Benefits Of Running Daily

Running can give you a longer life, better sleep, improved immunity, mood, and more- it's even good for your knees and lower back. 

Running every day may have some health benefits. Studies show that running just 5 to 10 minutes each day at a moderate pace may help reduce the risk of death from heart attacksstrokes, and other common diseases. But the same research also shows that these benefits top off at 4.5 hours a week, meaning there’s no need to run for hours each day. Running is a high-impact exercise and overtraining can lead to injuries such as stress fractures and shin splints.

When you become a runner, it changes your life. But you may not know how much it improves every aspect.

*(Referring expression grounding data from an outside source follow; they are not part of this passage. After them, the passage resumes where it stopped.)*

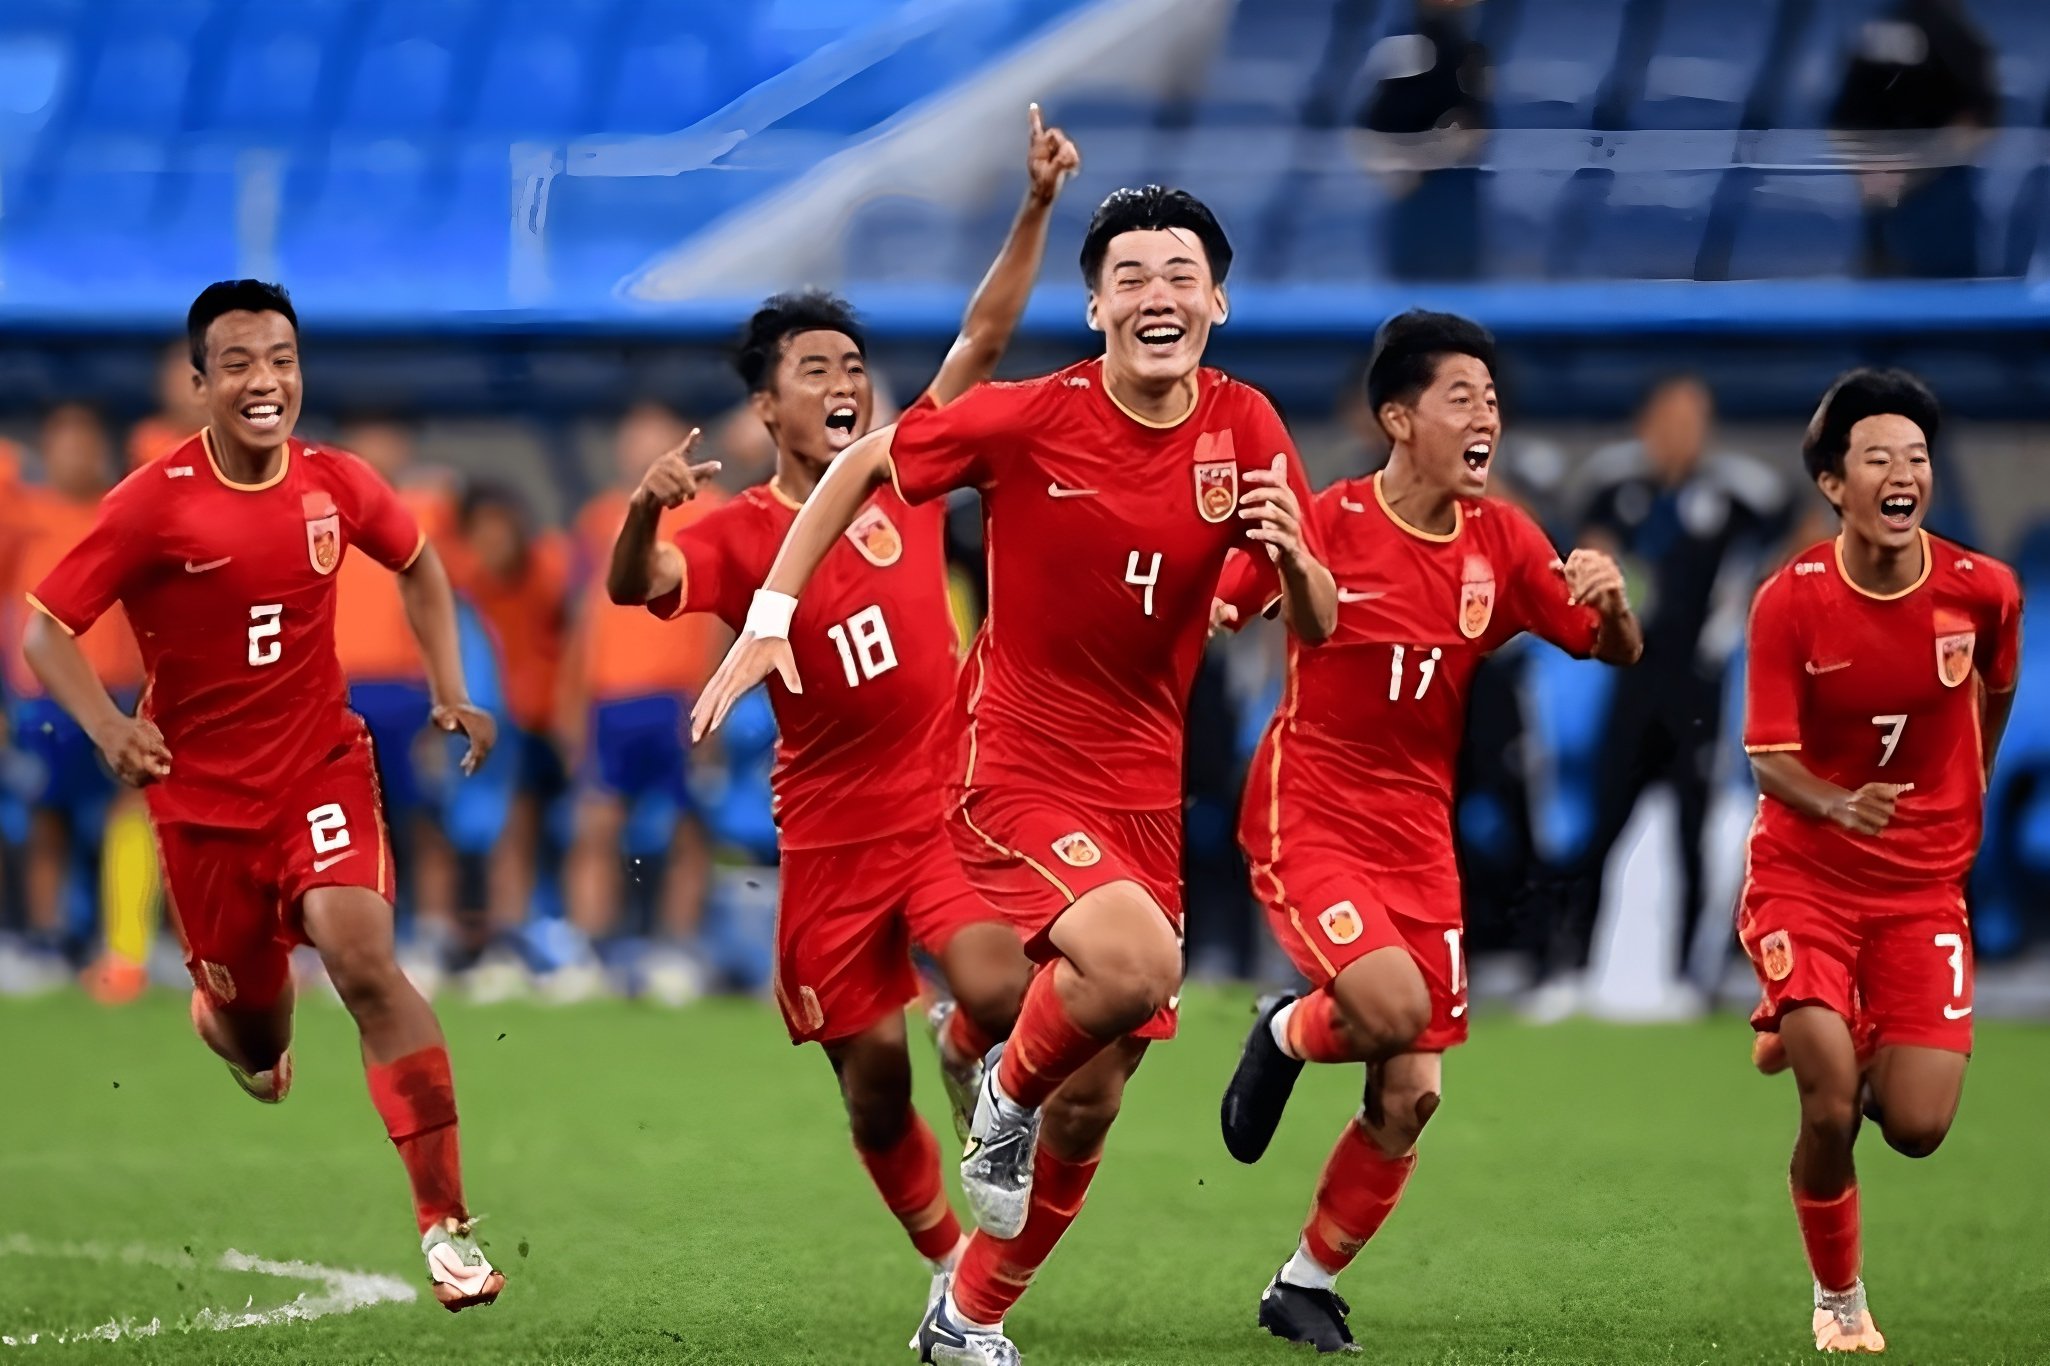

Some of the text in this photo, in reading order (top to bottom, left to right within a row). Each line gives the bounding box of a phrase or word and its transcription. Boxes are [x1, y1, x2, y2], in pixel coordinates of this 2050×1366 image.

[1124, 550, 1163, 616] 4
[248, 603, 283, 666] 2
[827, 604, 898, 688] 18
[1871, 714, 1909, 767] 7
[1934, 933, 1964, 998] 7

Here’s the evidence of the amazing benefits running can give you:


1. Running adds years to life and life to your years:

Numerous studies have shown that running increases lifespan. This has led to the oft-repeated observation: “If exercise were a pill, it would be the most popular pill in the world.” Worth noting: It would also be the least expensive, with little to no cost.

A 2018 meta-analysis of research on running and longevity found that runners have about a 25 to 30 percent lower rate of all-cause mortality on follow-up than non-runners. It concluded: “Any amount of running, even once a week, is better than no running.” 

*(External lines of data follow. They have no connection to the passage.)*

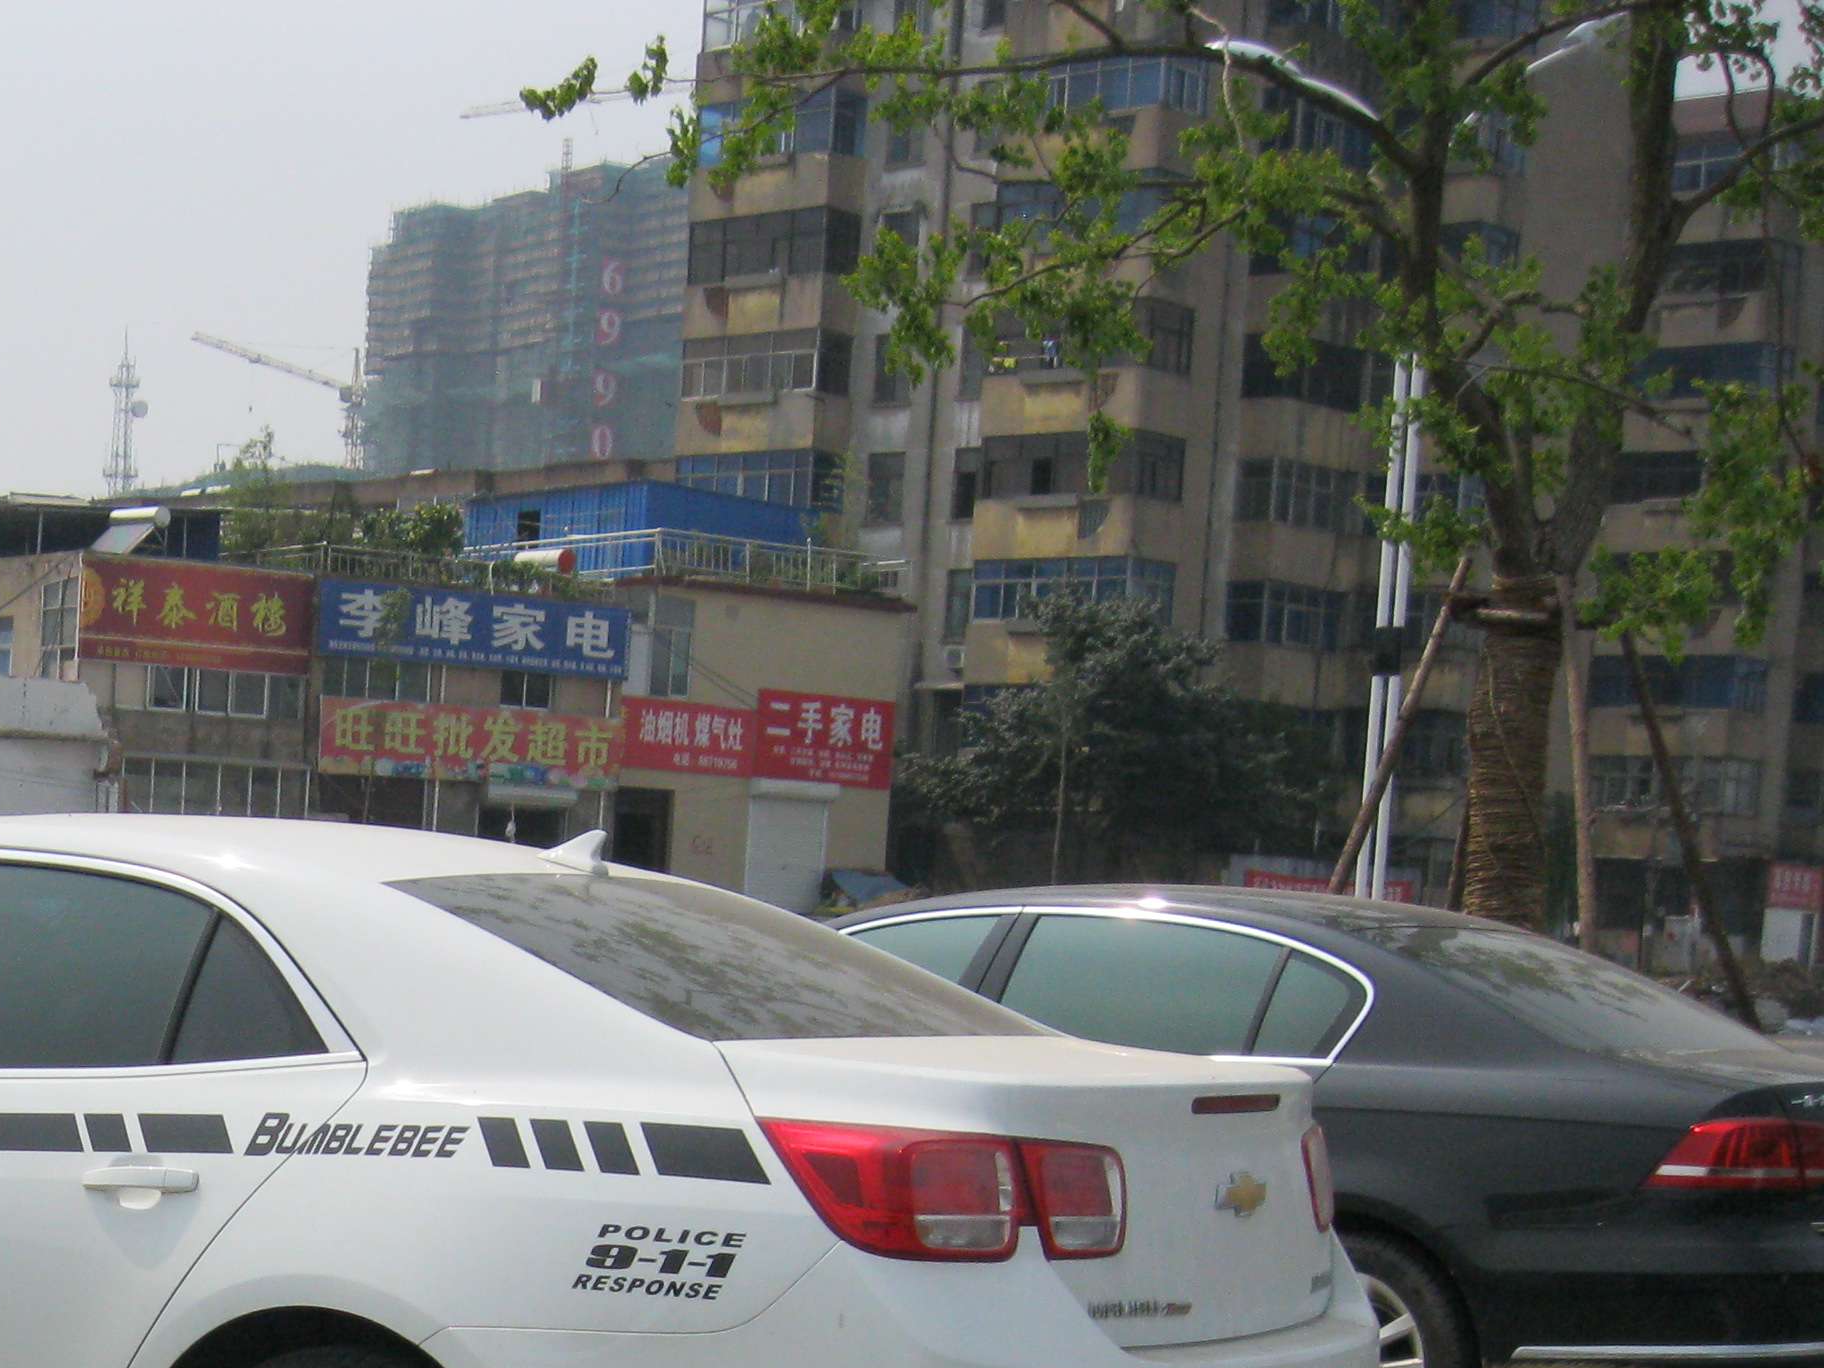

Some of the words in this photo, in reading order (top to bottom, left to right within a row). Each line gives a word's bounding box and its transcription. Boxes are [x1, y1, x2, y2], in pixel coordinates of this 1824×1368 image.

[111, 577, 287, 637] 祥泰酒楼
[337, 588, 615, 660] 李峰家电
[335, 708, 614, 768] 旺旺批发超市
[639, 707, 689, 747] 油烟机
[694, 711, 743, 751] 煤气灶
[766, 700, 883, 750] 二手家电
[596, 1222, 748, 1250] POLICE
[584, 1242, 737, 1280] 9-1-1
[572, 1272, 723, 1302] RESPONSE

2. Running helps you sleep better:

A study published in the Journal of Clinical Sleep Medicine has found that regular exercise can improve the quality of your sleep and help you sleep through the night.

During the day, we want to do a good job at work and still see the best results from our running workouts. If you don’t sleep well at night, you have less energy during the day and thus less desire to exercise. Therefore, a good night’s sleep is essential for your training routine! This has recently been confirmed by a study on student-athletes conducted by the renowned Stanford University: Students who got more sleep (in this case, 10 full hours!), performed better than those who placed less emphasis on their sleep.

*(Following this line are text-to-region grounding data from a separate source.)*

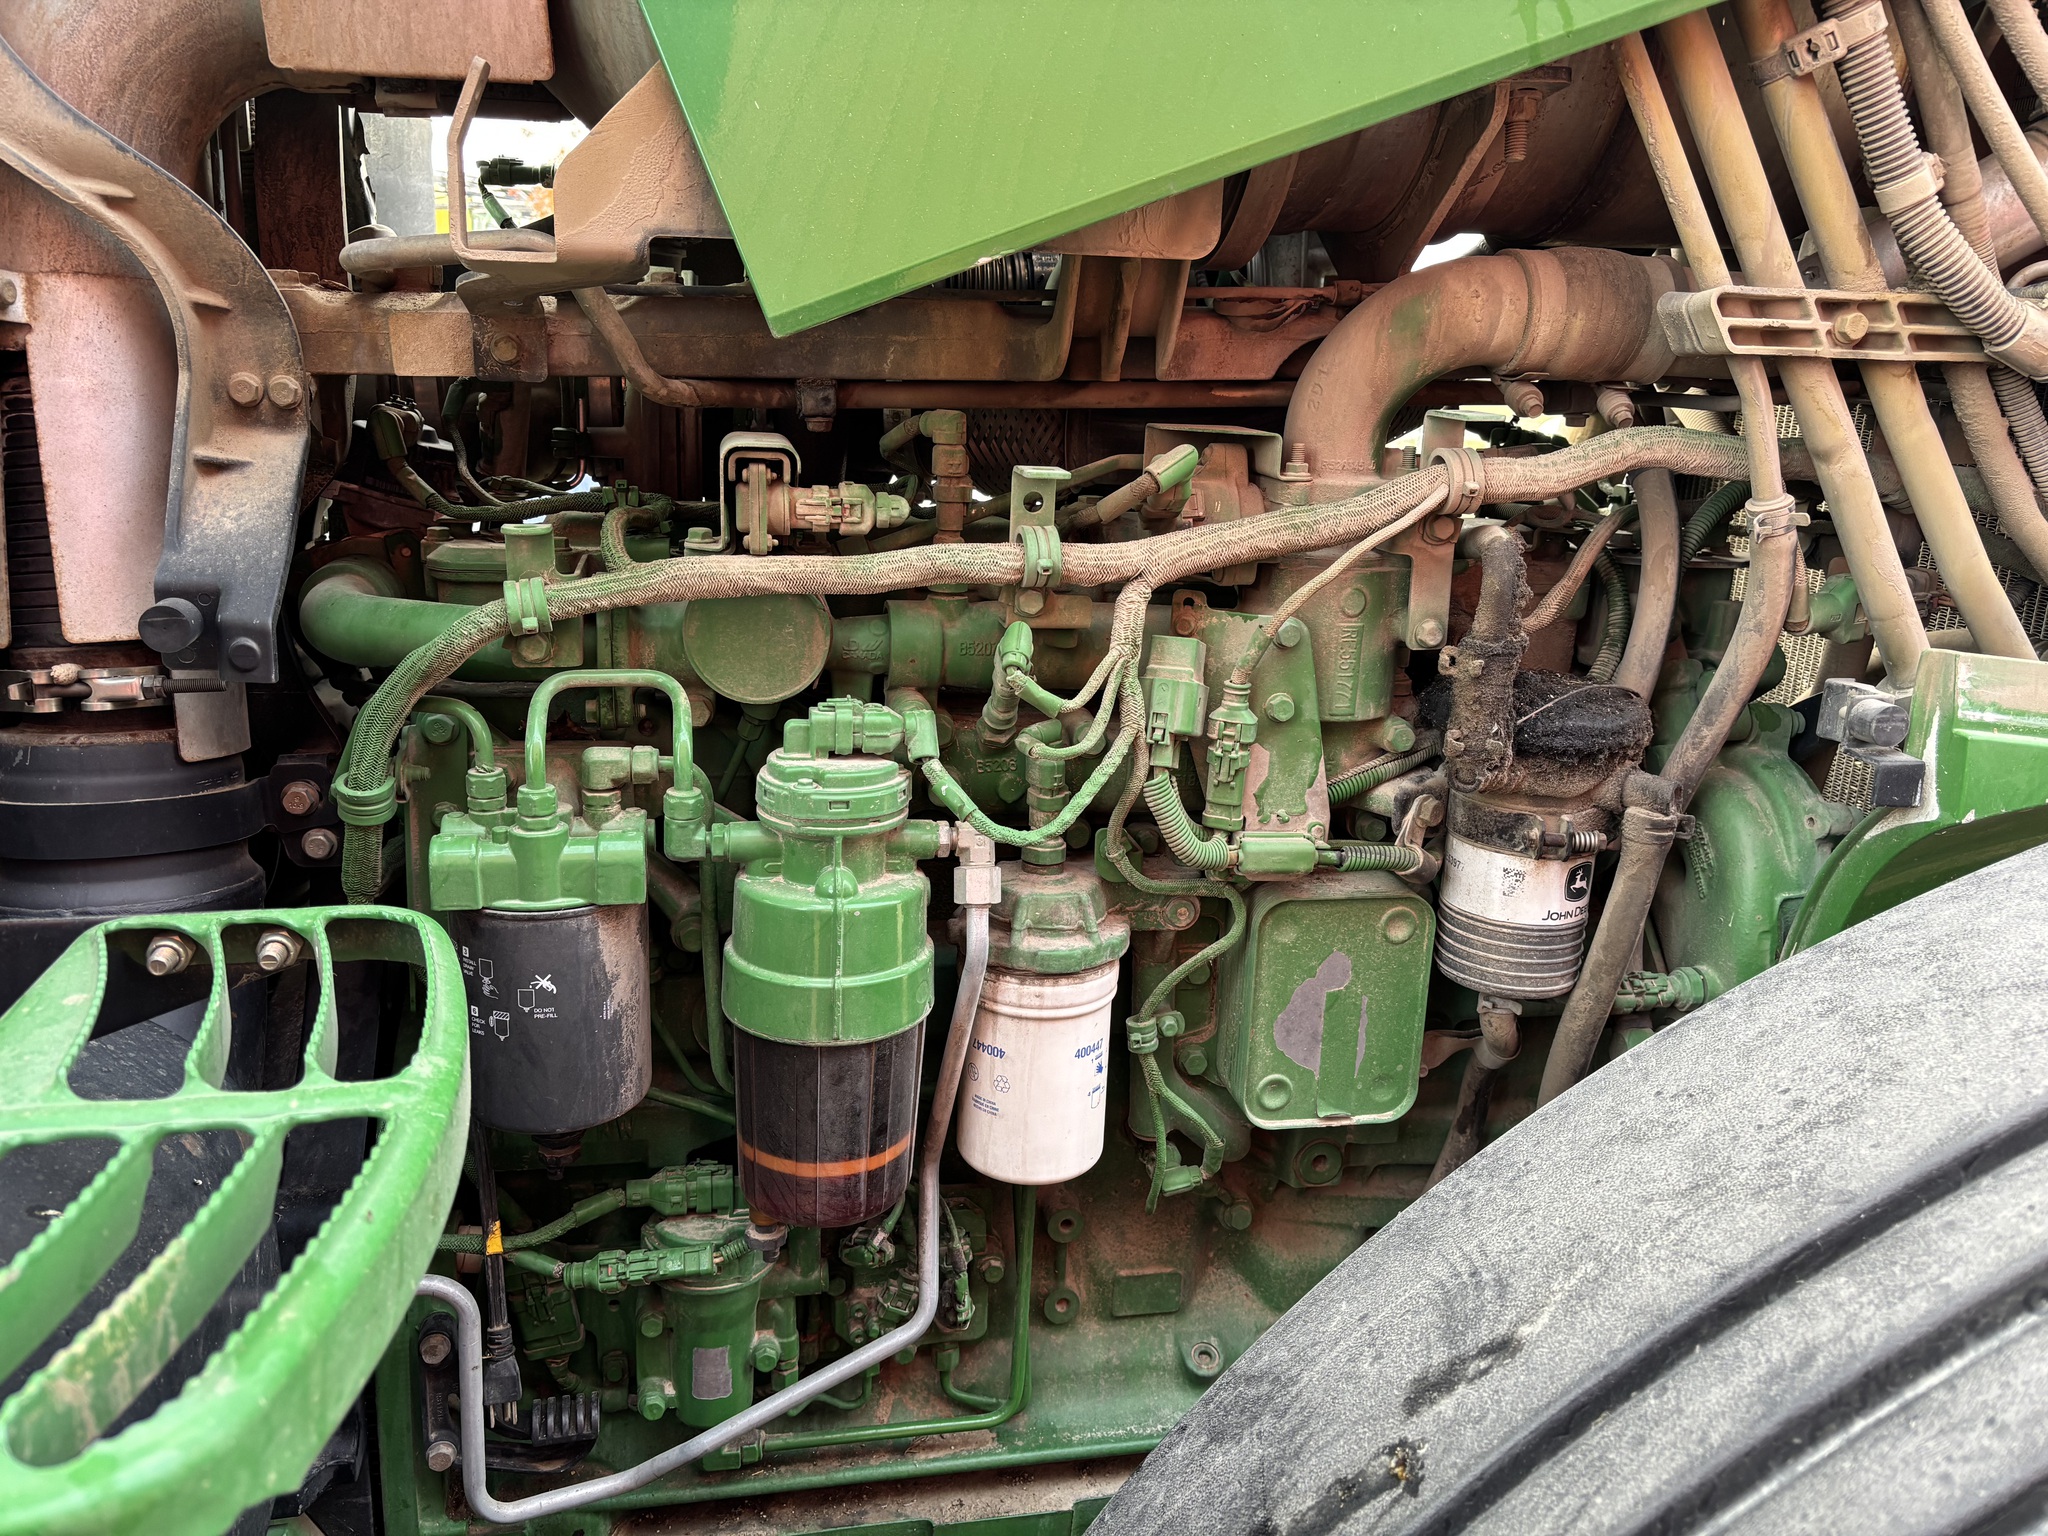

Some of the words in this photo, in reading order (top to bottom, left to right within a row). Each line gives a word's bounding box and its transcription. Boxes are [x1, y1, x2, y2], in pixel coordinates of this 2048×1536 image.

[1541, 909, 1574, 921] JOHN
[471, 1016, 486, 1025] CHECK
[472, 1028, 485, 1036] LEAKS
[972, 1038, 1006, 1060] 400447
[1075, 1038, 1103, 1059] 400447

What you require after a long run or an intense bodyweight training session is recovery: Your muscles need to rest now – and this is just as important for your desired training effect as the actual workout itself. Incidentally, the male hormone testosterone plays a major role in building muscles: The harder you work out and push your muscles, the more testosterone your body releases. Testosterone is needed to help your muscles recover after your workout – without it, your damaged muscles cannot build new tissue and you won’t get stronger.

This is where sleep comes in again: The longer and better you sleep, the more time your body has for recovery and growth. So you see, your muscles do grow in your sleep. 


3. Running improves immunity:

Exercise scientist and 58-time marathoner David Nieman has spent the last 40 years looking at the links between exercise and immunity. He’s uncovered mostly very good news and a few cautionary notes, while also looking at the effects of diet on the immunity status of runners. His summary: Modest exercise improves immunity, ultra-endurance efforts can decrease immunity (at least until you have fully recovered), and dark red/blue/blackberries help your body stay strong and healthy.


4. Running helps you lose weight, and keep it off:

Because it involves continuously moving your entire body weight, running burns more calories than most other activities. And you don’t have to run fast to achieve max burn. You get almost as much from running slow (but it takes twice as long). 

In a 2018 paper titled “The Effects of Exercise and Physical Activity on Weight Loss and Maintenance, the authors found that individuals exercising 200 to 300 minutes per week achieve better weight maintenance than those doing less than 150 minutes a week. It takes work and consistency, but the effort is worthwhile, as lower body weight appears to “profoundly enhance” health-related quality of life.
5. Running improves mental health, and reduces depression:

Many runners take up the sport to improve their physical fitness. After a short time, these new runners often give a different answer to the “Why do you run?” question. That answer: “Because it makes me feel better.” They’re talking about emotions, mood, mental energy, fewer blue days, and the like.

The evidence for this effect is overwhelming. A 2016 meta-analysis of exercise and depression reached these conclusions, among other positive outcomes:

1) Exercise is “an effective treatment” for depression;

2) Exercise is as effective as psychotherapy and prescription meds; and

3) Exercise “may serve as an alternative” to costly and often-hard-to-find/schedule medical treatments.